Discussion in 'English Only' started by tuany, Aug 31, 2012.

  1. tuany Senior Member

    Perú-Spanish
    reported speech

    Hi everyone

    I´d like to know why the verbs don´t change in these sentences:

    DIRECT: I said I want to see the manager and I want to see him now.
    1. REPORTED: The guest insisted that she see the manager immediately.
    WHY NOT: The guest insisted that she saw the manager immediately.

    DIRECT: Perhaps you might like to make an appointment to see the manager.
    2. REPORTED: The receptionist suggested that she make an appointment to see the manager.
    WHY NOT: The receptionist suggested that she made an appointment to see the manager.

    DIRECT: This food is undercooked.
    3. REPORTED: She complained that the food was undercooked.
    WHY NOT: She complained that the food is undercooked.

    Why are the verbs used in infinitive form in number 1 and 2?

    Thanks in advance

    Tuany.​
     
  2. dreamlike

    dreamlike Senior Member

    Poland
    Polish
    Hi Tuany

    You don't change the forms of the verbs in construcions such as "insist that" and "suggest that". The others ones that come to mind are "demand that" and "require that".

    They are all using the infinitive form of the verb - that's simply the way it is :)

    I suggest that you take a look at some good article describing the subjunctive mood in English, therein lies the answer :)
    Dreamlike suggested that I take a look at some...


    In reported speech, you have to change the form of verbs like "insist" or "suggest", as in your examples, but you have to retain the infinitive form of whatever verb that comes after "that".
     
    Last edited: Aug 31, 2012
  3. Loob

    Loob Senior Member

    English UK
    Hi tuany

    There's an AmE/BrE difference here.

    AmE (as I understand it) prefers the present subjunctive (NB not the infinitive:)) after "insisted" and "suggested"; BrE happily uses the past tense.

    Your third example is different: what you have there is the normal backshifting of tenses in past-tense reported speech.
     
  4. Biffo Senior Member

    England
    English - England
     
  5. tuany Senior Member

    Perú-Spanish
    Thanks alot Dreamlike, I'll take your advice.


    Bye
     
  6. dreamlike

    dreamlike Senior Member

    Poland
    Polish
    Actually, I might have led you astray as far as terminology goes, but other than that I think that my explanation wasn't that bad.

    Of course Loob and Biffo both have used the right term, and Loob have rightly pointed out that BrE uses the past tense, which I failed to mention :)

    BrE: He insisted that I told him the truth.
    AME: He insisted that I tell him the truth.
     
    Last edited: Aug 31, 2012
  7. tuany Senior Member

    Perú-Spanish
    To be honest, I'm quite confused now.

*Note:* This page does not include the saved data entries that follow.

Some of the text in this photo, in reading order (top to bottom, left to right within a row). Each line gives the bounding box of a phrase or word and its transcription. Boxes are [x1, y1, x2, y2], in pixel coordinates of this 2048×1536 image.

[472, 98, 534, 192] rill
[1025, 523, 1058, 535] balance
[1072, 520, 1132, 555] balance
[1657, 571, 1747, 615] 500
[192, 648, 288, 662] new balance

Loob, these examples were taken from a British grammar English book. So, is there a list of verbs which fit in these examples?

    • Thanks to all of you.

      Tuany.
     
    Last edited: Aug 31, 2012
  8. Loob

    Loob Senior Member

    English UK
    That's interesting, Tuany!

    I would expect a British grammar book to recommend:
    I insisted/suggested that he went
    or
    I insisted/suggested that he should go.

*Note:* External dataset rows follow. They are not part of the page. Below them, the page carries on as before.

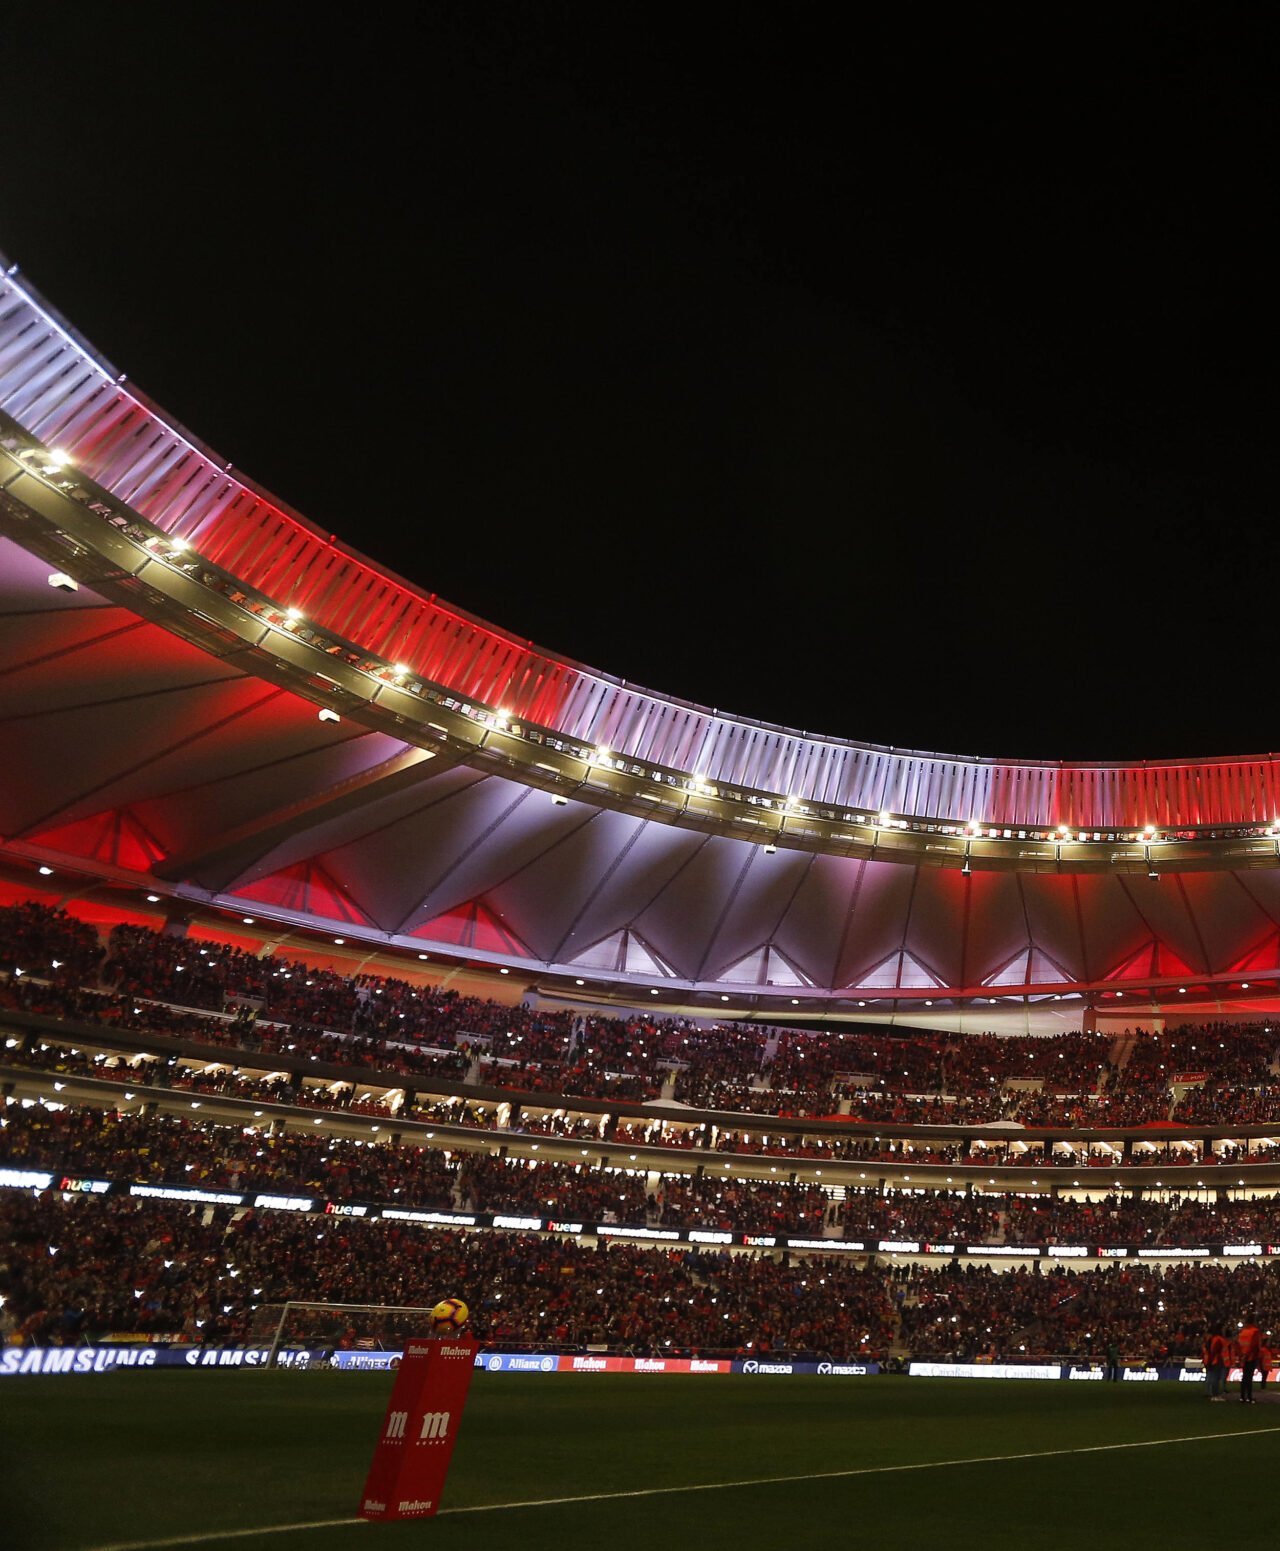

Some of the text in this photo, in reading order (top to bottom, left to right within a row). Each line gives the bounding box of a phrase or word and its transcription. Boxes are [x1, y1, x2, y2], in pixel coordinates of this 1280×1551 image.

[60, 1177, 91, 1192] hue
[254, 1194, 312, 1211] PHILIPS
[325, 1202, 352, 1215] hue
[548, 1220, 571, 1232] hue
[743, 1234, 764, 1246] hue
[925, 1243, 944, 1253] hue
[1098, 1247, 1117, 1257] hue
[440, 1346, 472, 1356] Mahou
[0, 1349, 156, 1374] SAMSUNG
[508, 1358, 540, 1369] Allianz
[573, 1357, 606, 1368] Mahou
[635, 1358, 665, 1370] Mahou
[759, 1364, 792, 1374] mazda
[931, 1365, 974, 1377] CaixaBank
[398, 1500, 432, 1512] Mahou

    Whereas I would expect an American grammar book to recommend:
    I insisted/suggested that he go.

    What we're talking about here is "exhortations": in other words, constructions following words like 'suggest', 'insist', 'recommend'....
     
  9. tuany Senior Member

    Perú-Spanish
    Hi again

    I have just found this information, it makes sense. What do you think?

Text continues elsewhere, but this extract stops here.